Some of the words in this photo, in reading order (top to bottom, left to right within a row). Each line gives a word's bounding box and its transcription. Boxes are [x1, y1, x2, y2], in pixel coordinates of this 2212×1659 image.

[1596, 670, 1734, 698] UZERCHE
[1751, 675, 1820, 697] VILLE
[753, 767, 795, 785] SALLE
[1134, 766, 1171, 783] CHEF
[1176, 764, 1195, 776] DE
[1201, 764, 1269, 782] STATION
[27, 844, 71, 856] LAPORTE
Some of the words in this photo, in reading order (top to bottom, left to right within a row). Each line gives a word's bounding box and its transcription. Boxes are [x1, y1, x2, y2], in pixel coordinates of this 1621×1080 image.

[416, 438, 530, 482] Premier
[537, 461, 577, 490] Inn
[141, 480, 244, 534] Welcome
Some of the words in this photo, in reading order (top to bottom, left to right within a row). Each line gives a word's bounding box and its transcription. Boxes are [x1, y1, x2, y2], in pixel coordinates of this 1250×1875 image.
----------------------------------------
The records shown above are to be retyped exactly, with none omitted.

Your solution:
Some of the words in this photo, in reading order (top to bottom, left to right within a row). Each line gives a word's bounding box and its transcription. Boxes are [x1, y1, x2, y2], in pixel coordinates of this 2212×1659 image.

[1596, 670, 1734, 698] UZERCHE
[1751, 675, 1820, 697] VILLE
[753, 767, 795, 785] SALLE
[1134, 766, 1171, 783] CHEF
[1176, 764, 1195, 776] DE
[1201, 764, 1269, 782] STATION
[27, 844, 71, 856] LAPORTE
Some of the words in this photo, in reading order (top to bottom, left to right within a row). Each line gives a word's bounding box and its transcription. Boxes are [x1, y1, x2, y2], in pixel coordinates of this 1621×1080 image.

[416, 438, 530, 482] Premier
[537, 461, 577, 490] Inn
[141, 480, 244, 534] Welcome
Some of the words in this photo, in reading order (top to bottom, left to right within a row). Each line gives a word's bounding box and its transcription. Boxes are [x1, y1, x2, y2], in pixel coordinates of this 1250×1875 image.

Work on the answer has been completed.